That being said, the LTWA is an amazing document . Did it not also come from a period of time when there had been a multi year drought and the City’s responce to that drought was increased pumping of the Valley Floor ? The damage to the environment and the response of folks in the County, in the enviromental community, in the City of Los Angeles led to the LTWA and there continues a mixed responce to that Agreement. LADWP doesn’t like it, doesn’t adhere to it and the environmental community doesn’t think it’s strong enough. It is however the only thing we got and it is more than a document, more than an agreement. It also represents an evolution of hope and consciousness that needs to evolve to benefit the environment here in the Eastern Sierra and here on this Earth.

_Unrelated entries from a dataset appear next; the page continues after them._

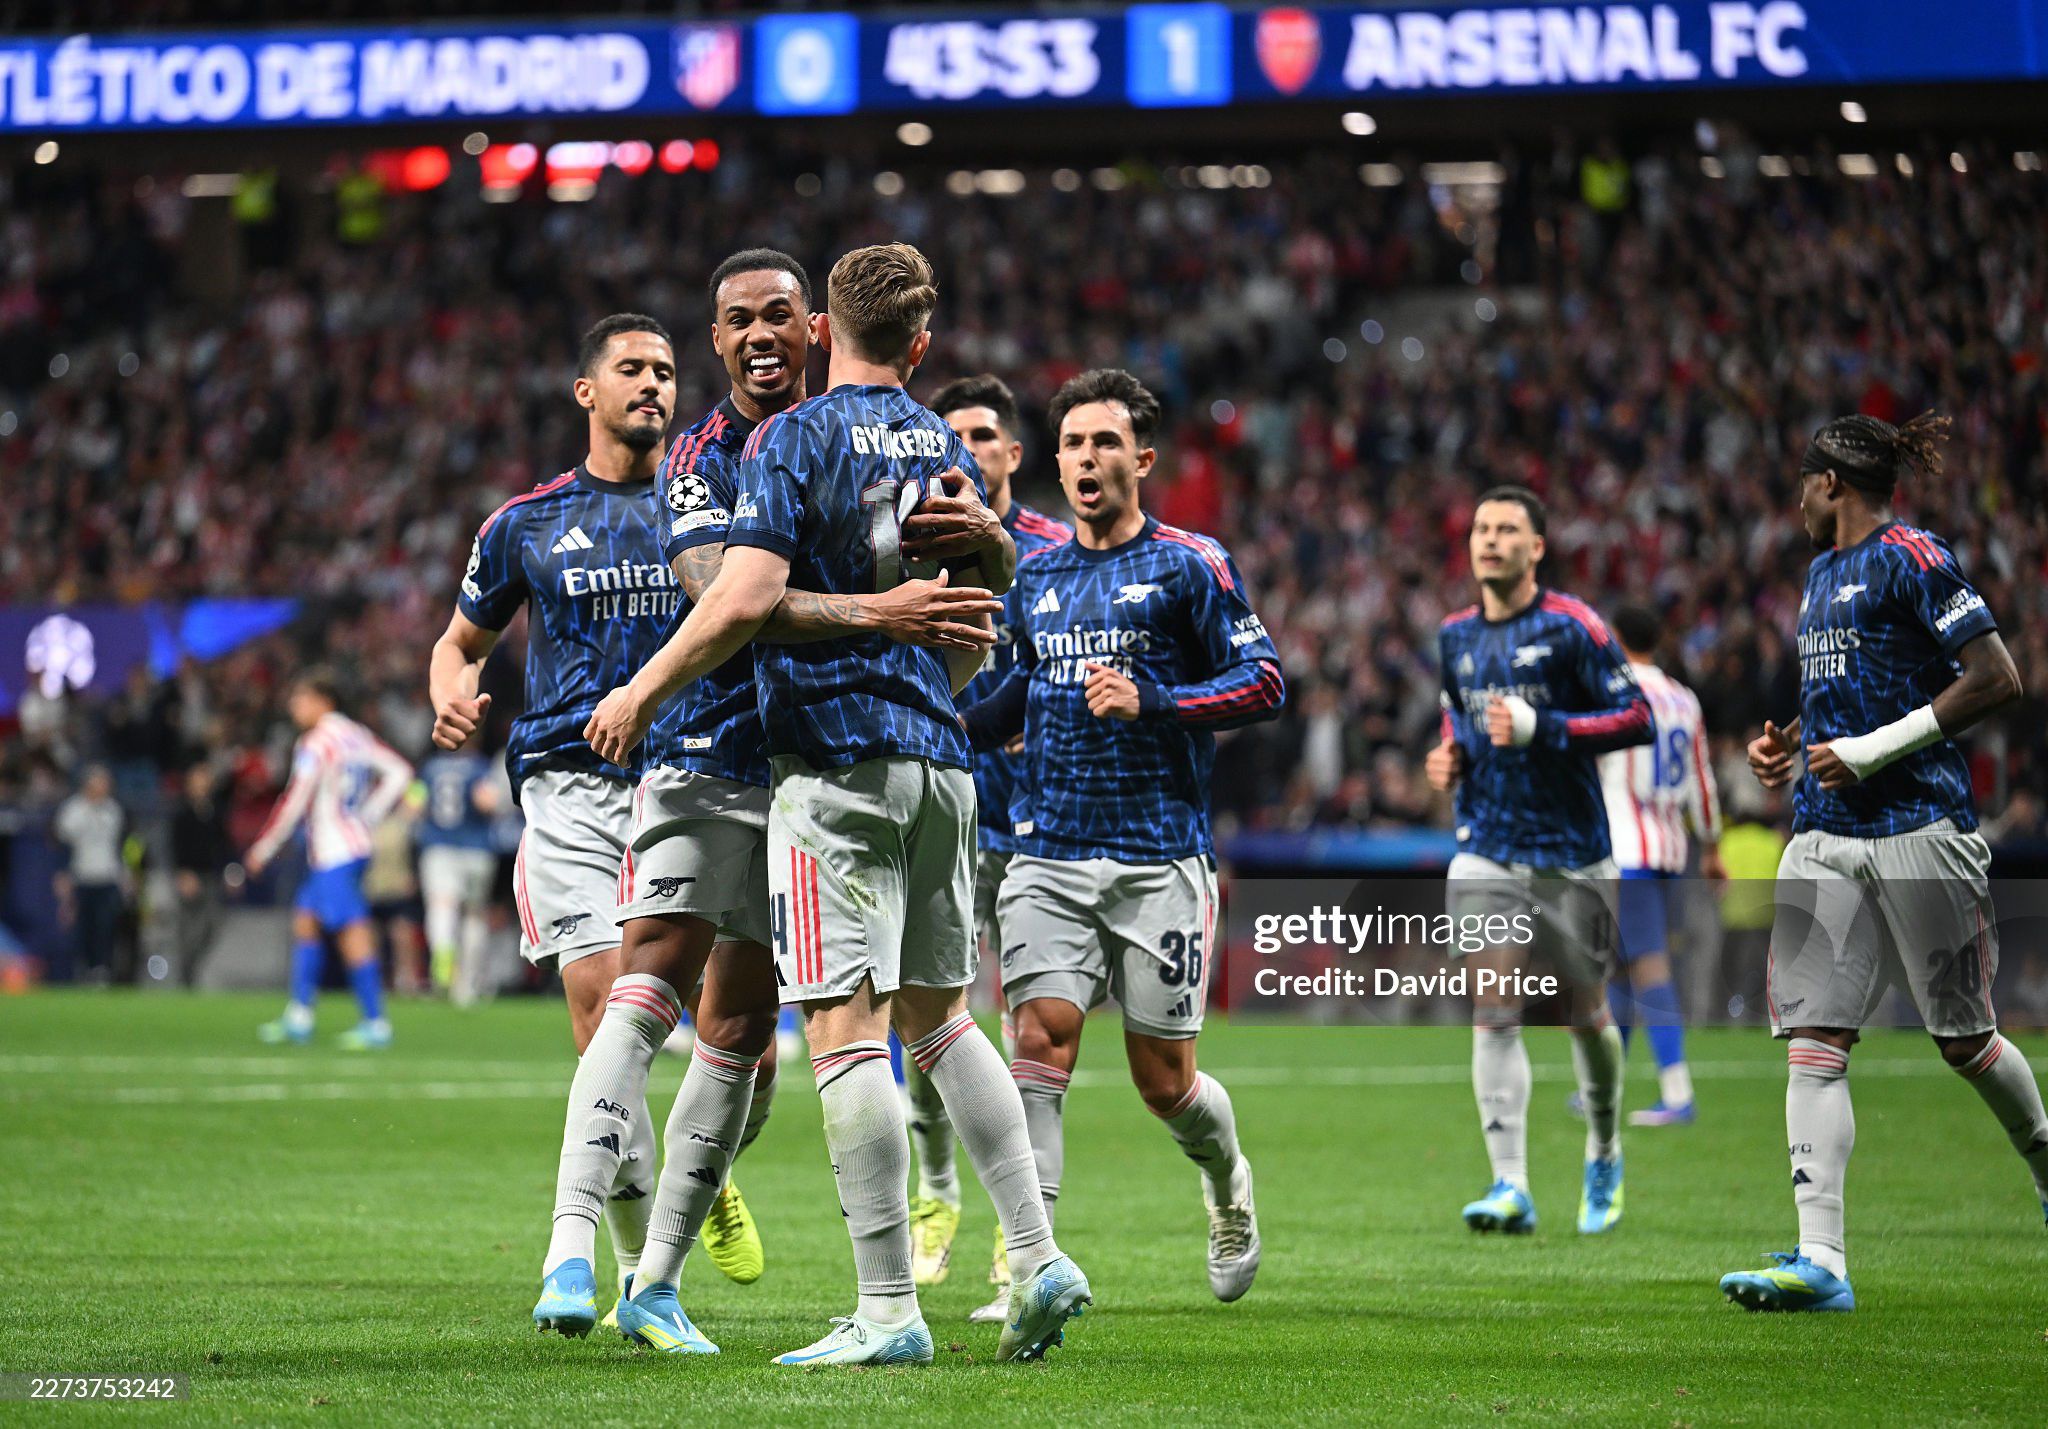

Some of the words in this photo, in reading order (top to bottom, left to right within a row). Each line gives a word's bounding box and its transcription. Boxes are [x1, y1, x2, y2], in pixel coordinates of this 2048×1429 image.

[776, 27, 835, 104] 0
[1159, 20, 1198, 97] 1
[1345, 4, 1699, 89] ARSENAL
[1710, 1, 1808, 78] FC
[257, 42, 354, 119] DE
[360, 33, 650, 116] MADRID
[593, 595, 621, 621] FLY
[1035, 624, 1151, 660] Emirates
[1159, 930, 1203, 988] 36
[1927, 944, 1981, 999] 20
[593, 1098, 629, 1121] AFC

It is always benefical to have a communication and a resulting resolution to differences. The DWP is made up of human beings. They are our neighbors, some are friends and family and there is no excuse for any asocial dynamic between folks. I hold myself and everyone I encounter to be a human being to one another and folks in the DWP and in the OVC and I am a “activist member” , don’t get a pass . The power of the truth , the facts of every issue are usally apparent and with the LTWA are often lost in the rhetoric, too often ignored , responces delayed all in some kind of knowledgeable double speak egocentric banter from both sides at the expense of the environment and in this case the future of the Lower Owens River.
The apparent truth is that we can do better with the LORP. All of these discussions speak of the lack of people , human beings, to recognise and accept those facts. The elephant in the room are the effects of the dysfunctional evolved history of the LADWP in the Owens Valley and dysfunctional rhetoric will only perpetrate that history. The time of she said , he said needs to end, needs to be diminshed , trust needs to be nutured if LADWP will ever evolve into a more responbile steward of the environment. The forces of nature, of evolution even through periods of disruption is the adaption to the environment, to mother nature, to Mother Earth. Harry Williams has it correct when he says that “if we don’t take care of Mother Earth , she won’t take care of you”.
So the question remains , what assuances, what management practices are needed to take care of the LORP, for the Owens Valley , “for the river that runs through it” .
LADWP is currently out of compliance with the LTWA. Until they are compliant with current agreement with Inyo County there shouldn’t be any changes.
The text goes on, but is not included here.